Agx:TiN nanocomposite thin films with Ag contents ranging from ~0.1 up to ~47.5 at% obtained by DC reactive sputtering on glass substrates were characterized regarding their electrochemical performance in a synthetic sweat solution, aiming at studying their potential application as bioelectrodes. Correlations between the electrochemical behaviour and their exhibited morphology (porosity) and structure (grain size) were established and discussed in detail. The coatings’ open circuit potential (OCP) is ruled by the Ag/TiN galvanic coupling and it decreased with the increase of the Ag content. For Ag contents up to 12.1 at% the OCP was found to be close to that of bulk Ag, but for higher Ag contents the OCP of the Agx:TiN samples displayed a steep drop, which was ascribed to the effect of Ag grain size reduction (from ~28 to ~10 nm).
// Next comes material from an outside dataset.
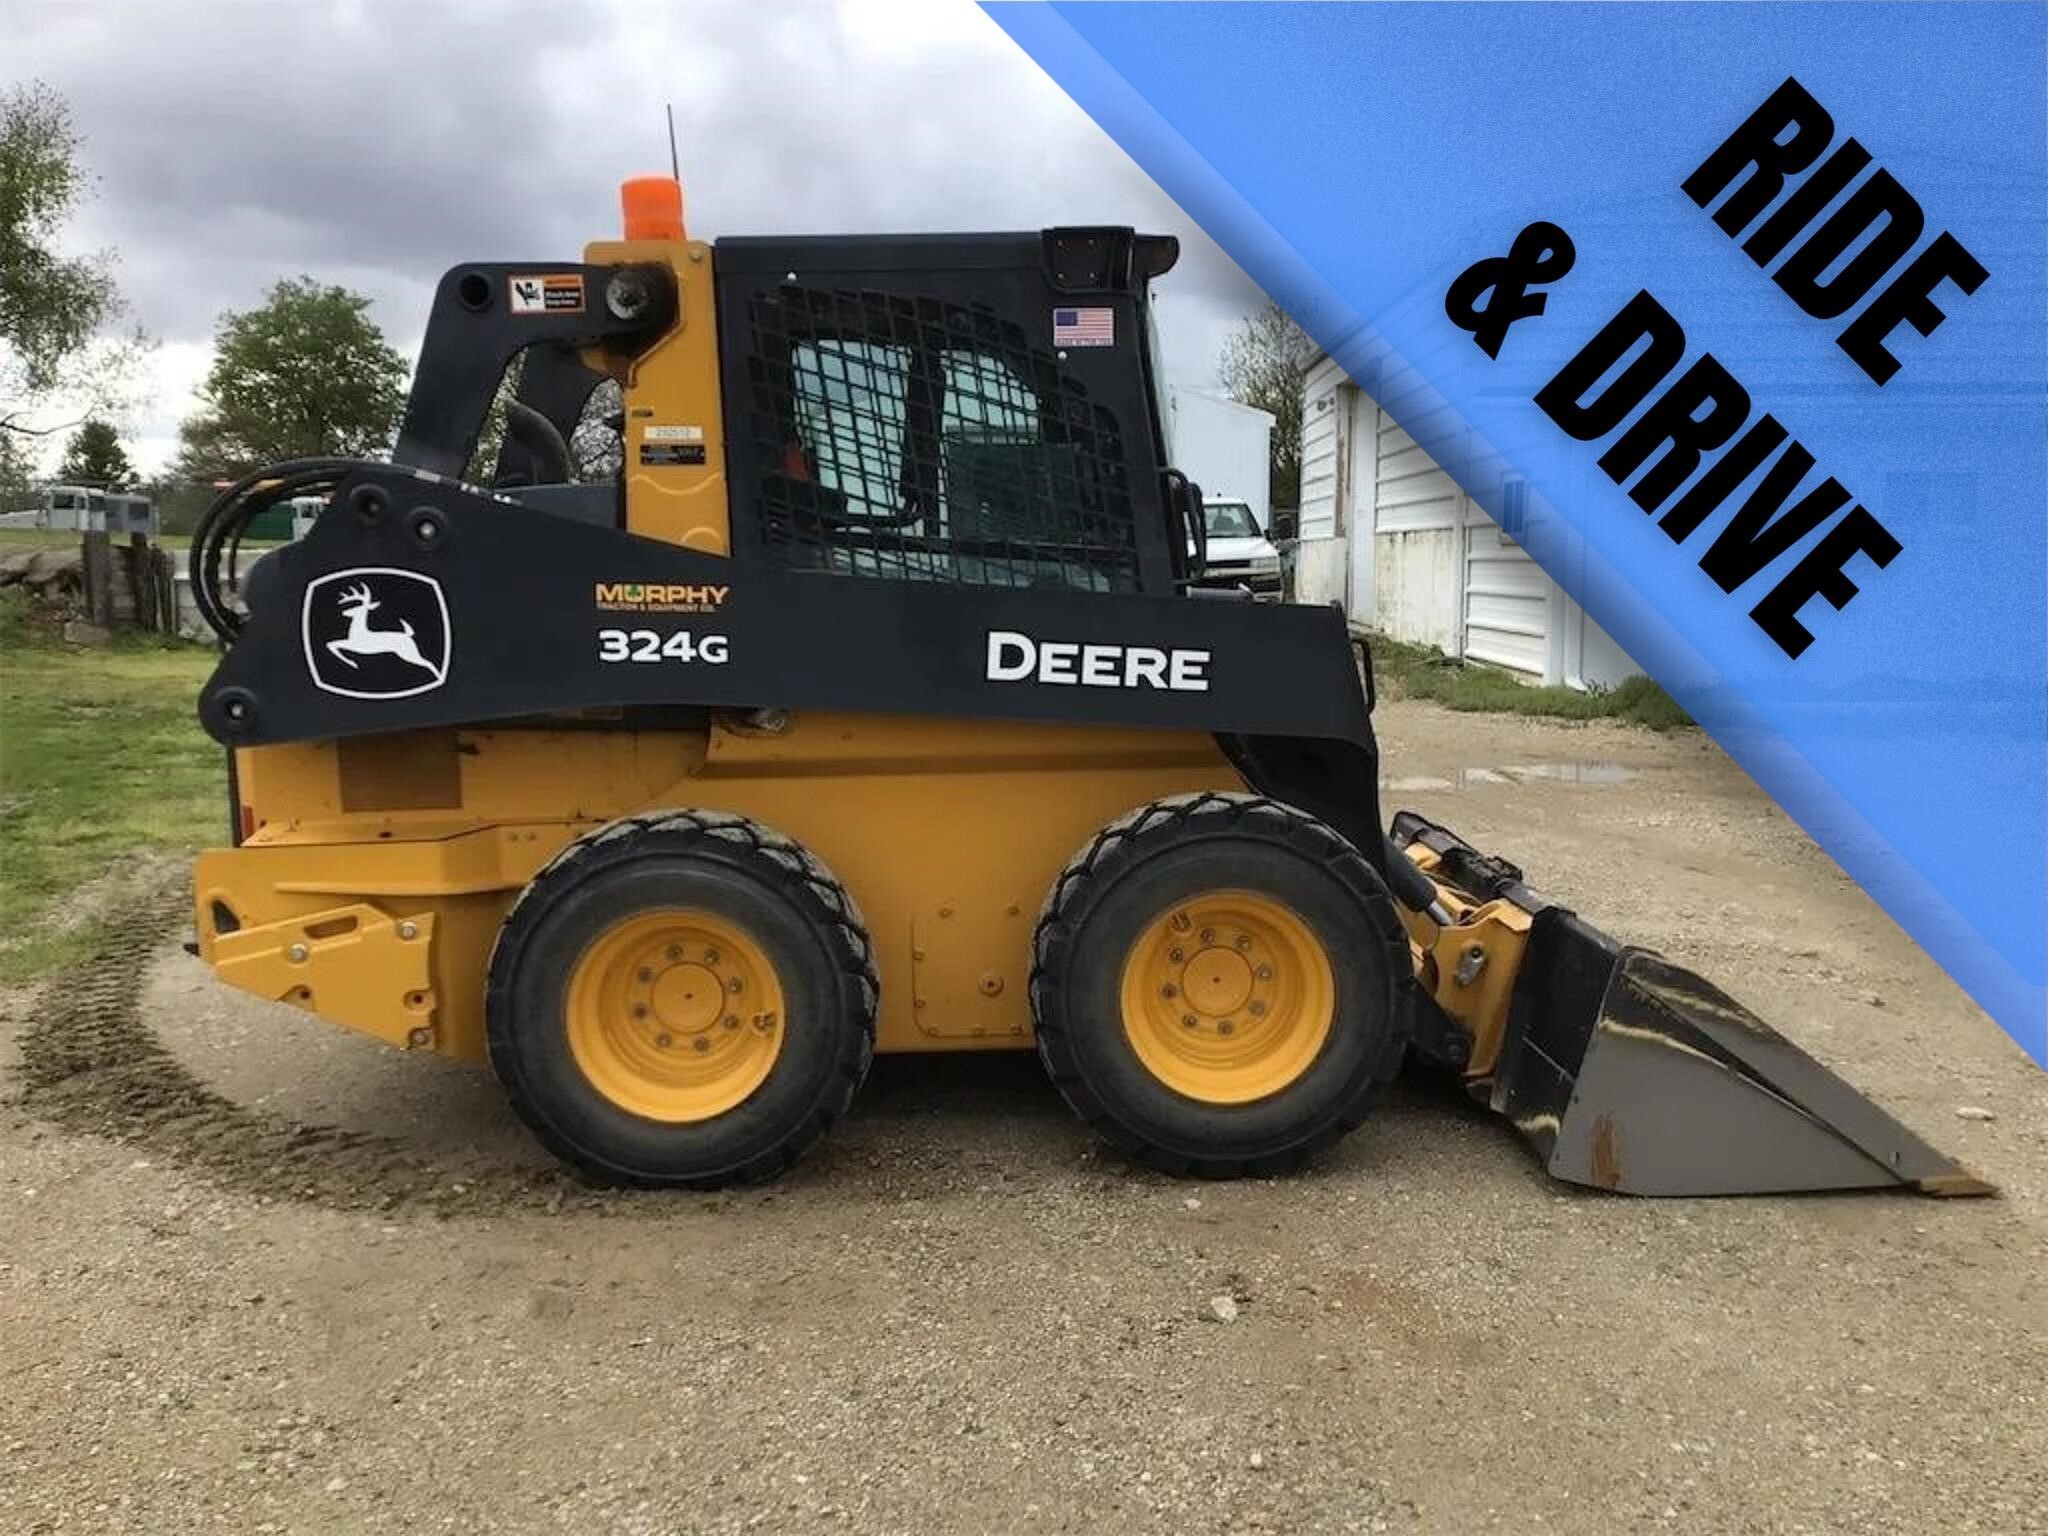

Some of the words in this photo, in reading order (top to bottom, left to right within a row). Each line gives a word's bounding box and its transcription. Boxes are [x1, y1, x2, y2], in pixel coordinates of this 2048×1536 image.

Both SEM and voltammetric experiments confirmed a gradual porosity decrease (densification) of the coatings with increasing Ag content, leading to a reduction of the electroactive area. All samples, besides displaying good chemical stability in chloride media, exhibited low impedance moduli and electrochemical noise similar to that of commercial Ag/AgCl electrodes, thus making them suitable to be used as bioelectrodes, from the electrochemical point of view.